**ACTION ITEM:** If an entry holds a picture, drop the picture and restate the rest word for word.

**SUPPLIED RECORDS:**
···

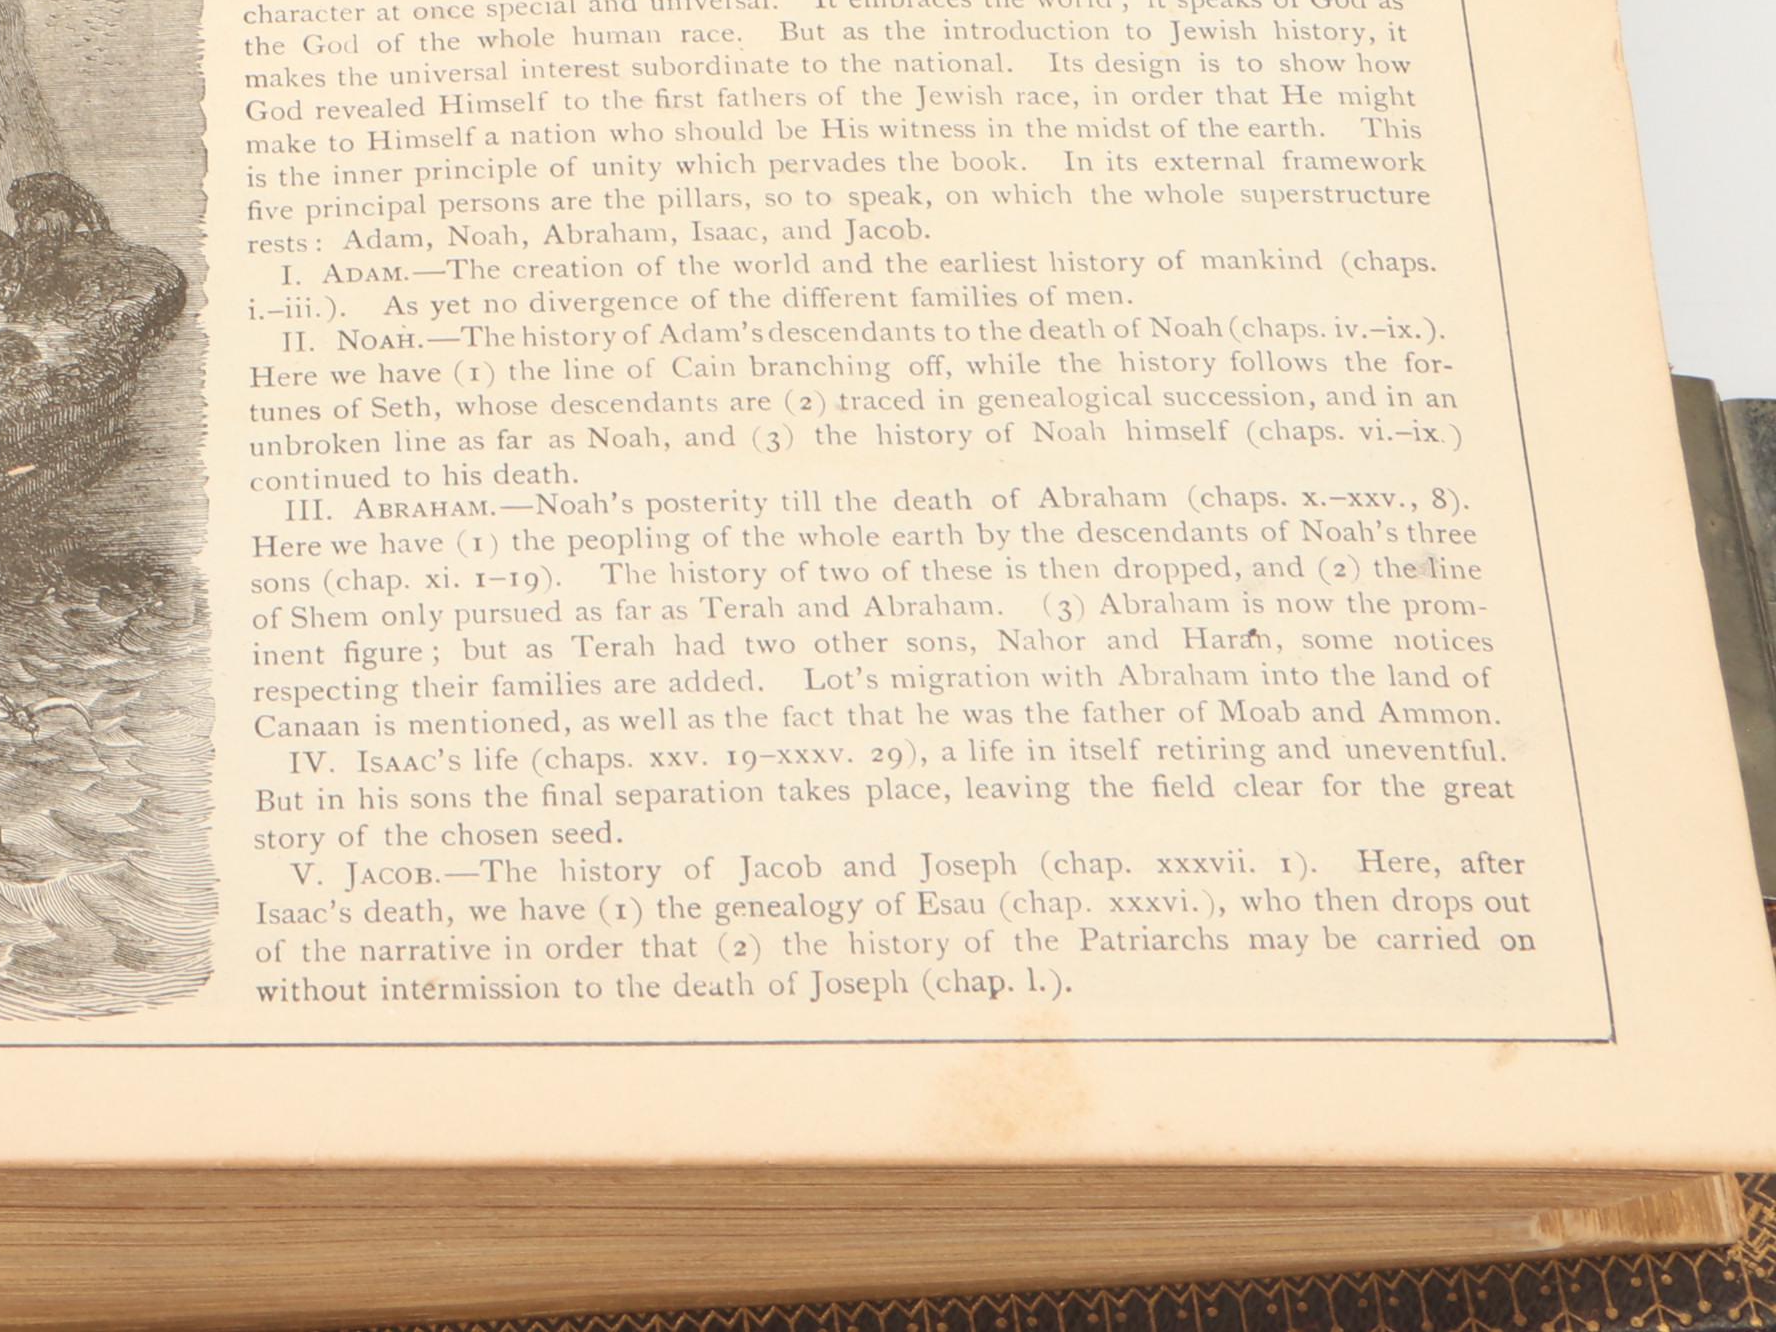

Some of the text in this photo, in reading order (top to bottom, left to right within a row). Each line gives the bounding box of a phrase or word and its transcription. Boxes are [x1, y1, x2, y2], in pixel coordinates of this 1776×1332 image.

[343, 227, 433, 252] Adam,
[447, 223, 529, 250] Noah,
[543, 221, 678, 246] Abraham,
[691, 220, 768, 245] Isaac,
[782, 218, 832, 241] and
[844, 217, 931, 247] Jacob.
[285, 498, 332, 522] III.
[645, 488, 768, 521] posterity
[781, 489, 822, 513] till
[834, 489, 877, 513] the
[893, 487, 973, 512] death
[991, 486, 1021, 510] of
[1038, 484, 1167, 509] Abraham
[1187, 484, 1287, 514] (chaps.
[289, 861, 323, 886] V.
[559, 857, 662, 889] history
[684, 855, 715, 881] of
[738, 853, 822, 887] Jacob
[843, 852, 897, 878] and
[919, 850, 1017, 883] Joseph
[1040, 849, 1132, 881] (chap.
[1156, 847, 1255, 874] xxxvii.
[1356, 848, 1441, 879] Here,
[1460, 850, 1526, 876] after
[255, 976, 367, 1003] without
[380, 973, 561, 1002] intermission
[574, 979, 603, 1000] to
[615, 973, 661, 999] the
[673, 971, 755, 998] death
[768, 970, 799, 997] of
[809, 968, 909, 1003] Joseph
[922, 968, 1014, 1001] (chap.

···

**TASK ANSWER:**
Some of the text in this photo, in reading order (top to bottom, left to right within a row). Each line gives the bounding box of a phrase or word and its transcription. Boxes are [x1, y1, x2, y2], in pixel coordinates of this 1776×1332 image.

[343, 227, 433, 252] Adam,
[447, 223, 529, 250] Noah,
[543, 221, 678, 246] Abraham,
[691, 220, 768, 245] Isaac,
[782, 218, 832, 241] and
[844, 217, 931, 247] Jacob.
[285, 498, 332, 522] III.
[645, 488, 768, 521] posterity
[781, 489, 822, 513] till
[834, 489, 877, 513] the
[893, 487, 973, 512] death
[991, 486, 1021, 510] of
[1038, 484, 1167, 509] Abraham
[1187, 484, 1287, 514] (chaps.
[289, 861, 323, 886] V.
[559, 857, 662, 889] history
[684, 855, 715, 881] of
[738, 853, 822, 887] Jacob
[843, 852, 897, 878] and
[919, 850, 1017, 883] Joseph
[1040, 849, 1132, 881] (chap.
[1156, 847, 1255, 874] xxxvii.
[1356, 848, 1441, 879] Here,
[1460, 850, 1526, 876] after
[255, 976, 367, 1003] without
[380, 973, 561, 1002] intermission
[574, 979, 603, 1000] to
[615, 973, 661, 999] the
[673, 971, 755, 998] death
[768, 970, 799, 997] of
[809, 968, 909, 1003] Joseph
[922, 968, 1014, 1001] (chap.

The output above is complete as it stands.